DATA FOR ANALYSIS START
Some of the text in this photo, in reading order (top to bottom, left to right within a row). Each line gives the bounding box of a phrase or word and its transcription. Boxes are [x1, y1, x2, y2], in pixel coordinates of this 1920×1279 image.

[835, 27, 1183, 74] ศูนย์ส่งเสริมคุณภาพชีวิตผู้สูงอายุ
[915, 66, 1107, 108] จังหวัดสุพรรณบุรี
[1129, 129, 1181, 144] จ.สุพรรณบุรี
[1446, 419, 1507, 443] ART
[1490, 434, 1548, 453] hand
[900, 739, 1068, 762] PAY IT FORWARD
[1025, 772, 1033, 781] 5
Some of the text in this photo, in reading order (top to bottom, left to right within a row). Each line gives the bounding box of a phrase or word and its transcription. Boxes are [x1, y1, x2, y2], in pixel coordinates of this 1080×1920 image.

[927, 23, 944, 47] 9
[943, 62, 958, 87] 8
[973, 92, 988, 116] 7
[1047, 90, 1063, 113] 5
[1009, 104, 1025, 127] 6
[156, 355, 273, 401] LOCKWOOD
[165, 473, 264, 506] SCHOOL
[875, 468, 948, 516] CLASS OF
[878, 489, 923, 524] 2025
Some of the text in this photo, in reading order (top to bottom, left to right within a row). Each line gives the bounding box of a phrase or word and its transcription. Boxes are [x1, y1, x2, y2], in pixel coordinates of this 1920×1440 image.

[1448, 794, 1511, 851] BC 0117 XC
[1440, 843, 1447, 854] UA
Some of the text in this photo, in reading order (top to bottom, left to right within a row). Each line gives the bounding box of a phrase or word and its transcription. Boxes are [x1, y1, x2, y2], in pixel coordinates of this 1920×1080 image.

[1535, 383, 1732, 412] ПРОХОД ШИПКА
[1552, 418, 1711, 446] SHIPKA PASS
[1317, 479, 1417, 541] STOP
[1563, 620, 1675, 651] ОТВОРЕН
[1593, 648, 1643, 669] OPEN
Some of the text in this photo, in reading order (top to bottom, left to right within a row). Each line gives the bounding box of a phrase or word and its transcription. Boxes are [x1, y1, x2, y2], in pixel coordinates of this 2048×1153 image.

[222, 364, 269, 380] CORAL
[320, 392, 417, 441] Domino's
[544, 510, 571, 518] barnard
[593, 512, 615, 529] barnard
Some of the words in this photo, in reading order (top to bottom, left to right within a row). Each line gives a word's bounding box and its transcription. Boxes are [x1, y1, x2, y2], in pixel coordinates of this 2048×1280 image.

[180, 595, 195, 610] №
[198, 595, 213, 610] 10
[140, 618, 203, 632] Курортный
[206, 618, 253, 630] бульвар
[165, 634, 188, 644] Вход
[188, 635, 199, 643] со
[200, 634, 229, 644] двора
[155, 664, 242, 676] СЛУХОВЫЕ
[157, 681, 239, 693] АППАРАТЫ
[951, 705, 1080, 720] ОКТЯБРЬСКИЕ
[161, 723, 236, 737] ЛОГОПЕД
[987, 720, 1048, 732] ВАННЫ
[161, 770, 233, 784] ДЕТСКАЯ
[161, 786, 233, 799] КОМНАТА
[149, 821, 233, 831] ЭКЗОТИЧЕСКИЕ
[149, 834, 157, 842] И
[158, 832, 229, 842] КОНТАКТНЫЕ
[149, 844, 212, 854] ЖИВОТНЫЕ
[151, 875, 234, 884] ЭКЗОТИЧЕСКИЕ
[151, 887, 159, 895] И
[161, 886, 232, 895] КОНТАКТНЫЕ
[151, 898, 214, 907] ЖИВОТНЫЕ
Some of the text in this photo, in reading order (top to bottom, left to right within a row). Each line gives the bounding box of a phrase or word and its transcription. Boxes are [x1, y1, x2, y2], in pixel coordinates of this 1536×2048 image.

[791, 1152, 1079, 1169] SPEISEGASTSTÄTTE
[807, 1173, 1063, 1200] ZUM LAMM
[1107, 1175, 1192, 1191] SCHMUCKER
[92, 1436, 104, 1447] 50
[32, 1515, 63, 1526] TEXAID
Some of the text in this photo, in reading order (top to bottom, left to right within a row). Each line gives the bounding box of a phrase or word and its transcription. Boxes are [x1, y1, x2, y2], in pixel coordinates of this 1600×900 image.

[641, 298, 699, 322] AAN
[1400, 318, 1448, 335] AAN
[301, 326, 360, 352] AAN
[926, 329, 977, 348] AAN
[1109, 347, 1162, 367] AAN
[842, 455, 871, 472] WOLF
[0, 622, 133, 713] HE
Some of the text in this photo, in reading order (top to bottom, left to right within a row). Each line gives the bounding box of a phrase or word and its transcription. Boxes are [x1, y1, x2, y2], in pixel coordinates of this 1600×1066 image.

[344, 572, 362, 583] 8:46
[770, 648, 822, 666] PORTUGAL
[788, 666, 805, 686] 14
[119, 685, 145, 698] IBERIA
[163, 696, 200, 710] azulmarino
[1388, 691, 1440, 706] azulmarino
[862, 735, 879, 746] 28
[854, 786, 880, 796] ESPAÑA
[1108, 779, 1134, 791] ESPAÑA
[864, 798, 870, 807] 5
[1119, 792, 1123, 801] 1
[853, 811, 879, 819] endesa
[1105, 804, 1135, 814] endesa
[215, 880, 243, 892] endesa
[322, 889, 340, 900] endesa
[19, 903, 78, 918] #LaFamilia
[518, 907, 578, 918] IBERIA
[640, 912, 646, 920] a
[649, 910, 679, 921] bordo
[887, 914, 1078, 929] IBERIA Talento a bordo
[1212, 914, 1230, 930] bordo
DATA FOR ANALYSIS END
WHAT YOU WILL DO: Each record is to be repeated exactly.

RESPONSE:
Some of the text in this photo, in reading order (top to bottom, left to right within a row). Each line gives the bounding box of a phrase or word and its transcription. Boxes are [x1, y1, x2, y2], in pixel coordinates of this 1920×1279 image.

[835, 27, 1183, 74] ศูนย์ส่งเสริมคุณภาพชีวิตผู้สูงอายุ
[915, 66, 1107, 108] จังหวัดสุพรรณบุรี
[1129, 129, 1181, 144] จ.สุพรรณบุรี
[1446, 419, 1507, 443] ART
[1490, 434, 1548, 453] hand
[900, 739, 1068, 762] PAY IT FORWARD
[1025, 772, 1033, 781] 5
Some of the text in this photo, in reading order (top to bottom, left to right within a row). Each line gives the bounding box of a phrase or word and its transcription. Boxes are [x1, y1, x2, y2], in pixel coordinates of this 1080×1920 image.

[927, 23, 944, 47] 9
[943, 62, 958, 87] 8
[973, 92, 988, 116] 7
[1047, 90, 1063, 113] 5
[1009, 104, 1025, 127] 6
[156, 355, 273, 401] LOCKWOOD
[165, 473, 264, 506] SCHOOL
[875, 468, 948, 516] CLASS OF
[878, 489, 923, 524] 2025
Some of the text in this photo, in reading order (top to bottom, left to right within a row). Each line gives the bounding box of a phrase or word and its transcription. Boxes are [x1, y1, x2, y2], in pixel coordinates of this 1920×1440 image.

[1448, 794, 1511, 851] BC 0117 XC
[1440, 843, 1447, 854] UA
Some of the text in this photo, in reading order (top to bottom, left to right within a row). Each line gives the bounding box of a phrase or word and its transcription. Boxes are [x1, y1, x2, y2], in pixel coordinates of this 1920×1080 image.

[1535, 383, 1732, 412] ПРОХОД ШИПКА
[1552, 418, 1711, 446] SHIPKA PASS
[1317, 479, 1417, 541] STOP
[1563, 620, 1675, 651] ОТВОРЕН
[1593, 648, 1643, 669] OPEN
Some of the text in this photo, in reading order (top to bottom, left to right within a row). Each line gives the bounding box of a phrase or word and its transcription. Boxes are [x1, y1, x2, y2], in pixel coordinates of this 2048×1153 image.

[222, 364, 269, 380] CORAL
[320, 392, 417, 441] Domino's
[544, 510, 571, 518] barnard
[593, 512, 615, 529] barnard
Some of the words in this photo, in reading order (top to bottom, left to right within a row). Each line gives a word's bounding box and its transcription. Boxes are [x1, y1, x2, y2], in pixel coordinates of this 2048×1280 image.

[180, 595, 195, 610] №
[198, 595, 213, 610] 10
[140, 618, 203, 632] Курортный
[206, 618, 253, 630] бульвар
[165, 634, 188, 644] Вход
[188, 635, 199, 643] со
[200, 634, 229, 644] двора
[155, 664, 242, 676] СЛУХОВЫЕ
[157, 681, 239, 693] АППАРАТЫ
[951, 705, 1080, 720] ОКТЯБРЬСКИЕ
[161, 723, 236, 737] ЛОГОПЕД
[987, 720, 1048, 732] ВАННЫ
[161, 770, 233, 784] ДЕТСКАЯ
[161, 786, 233, 799] КОМНАТА
[149, 821, 233, 831] ЭКЗОТИЧЕСКИЕ
[149, 834, 157, 842] И
[158, 832, 229, 842] КОНТАКТНЫЕ
[149, 844, 212, 854] ЖИВОТНЫЕ
[151, 875, 234, 884] ЭКЗОТИЧЕСКИЕ
[151, 887, 159, 895] И
[161, 886, 232, 895] КОНТАКТНЫЕ
[151, 898, 214, 907] ЖИВОТНЫЕ
Some of the text in this photo, in reading order (top to bottom, left to right within a row). Each line gives the bounding box of a phrase or word and its transcription. Boxes are [x1, y1, x2, y2], in pixel coordinates of this 1536×2048 image.

[791, 1152, 1079, 1169] SPEISEGASTSTÄTTE
[807, 1173, 1063, 1200] ZUM LAMM
[1107, 1175, 1192, 1191] SCHMUCKER
[92, 1436, 104, 1447] 50
[32, 1515, 63, 1526] TEXAID
Some of the text in this photo, in reading order (top to bottom, left to right within a row). Each line gives the bounding box of a phrase or word and its transcription. Boxes are [x1, y1, x2, y2], in pixel coordinates of this 1600×900 image.

[641, 298, 699, 322] AAN
[1400, 318, 1448, 335] AAN
[301, 326, 360, 352] AAN
[926, 329, 977, 348] AAN
[1109, 347, 1162, 367] AAN
[842, 455, 871, 472] WOLF
[0, 622, 133, 713] HE
Some of the text in this photo, in reading order (top to bottom, left to right within a row). Each line gives the bounding box of a phrase or word and its transcription. Boxes are [x1, y1, x2, y2], in pixel coordinates of this 1600×1066 image.

[344, 572, 362, 583] 8:46
[770, 648, 822, 666] PORTUGAL
[788, 666, 805, 686] 14
[119, 685, 145, 698] IBERIA
[163, 696, 200, 710] azulmarino
[1388, 691, 1440, 706] azulmarino
[862, 735, 879, 746] 28
[854, 786, 880, 796] ESPAÑA
[1108, 779, 1134, 791] ESPAÑA
[864, 798, 870, 807] 5
[1119, 792, 1123, 801] 1
[853, 811, 879, 819] endesa
[1105, 804, 1135, 814] endesa
[215, 880, 243, 892] endesa
[322, 889, 340, 900] endesa
[19, 903, 78, 918] #LaFamilia
[518, 907, 578, 918] IBERIA
[640, 912, 646, 920] a
[649, 910, 679, 921] bordo
[887, 914, 1078, 929] IBERIA Talento a bordo
[1212, 914, 1230, 930] bordo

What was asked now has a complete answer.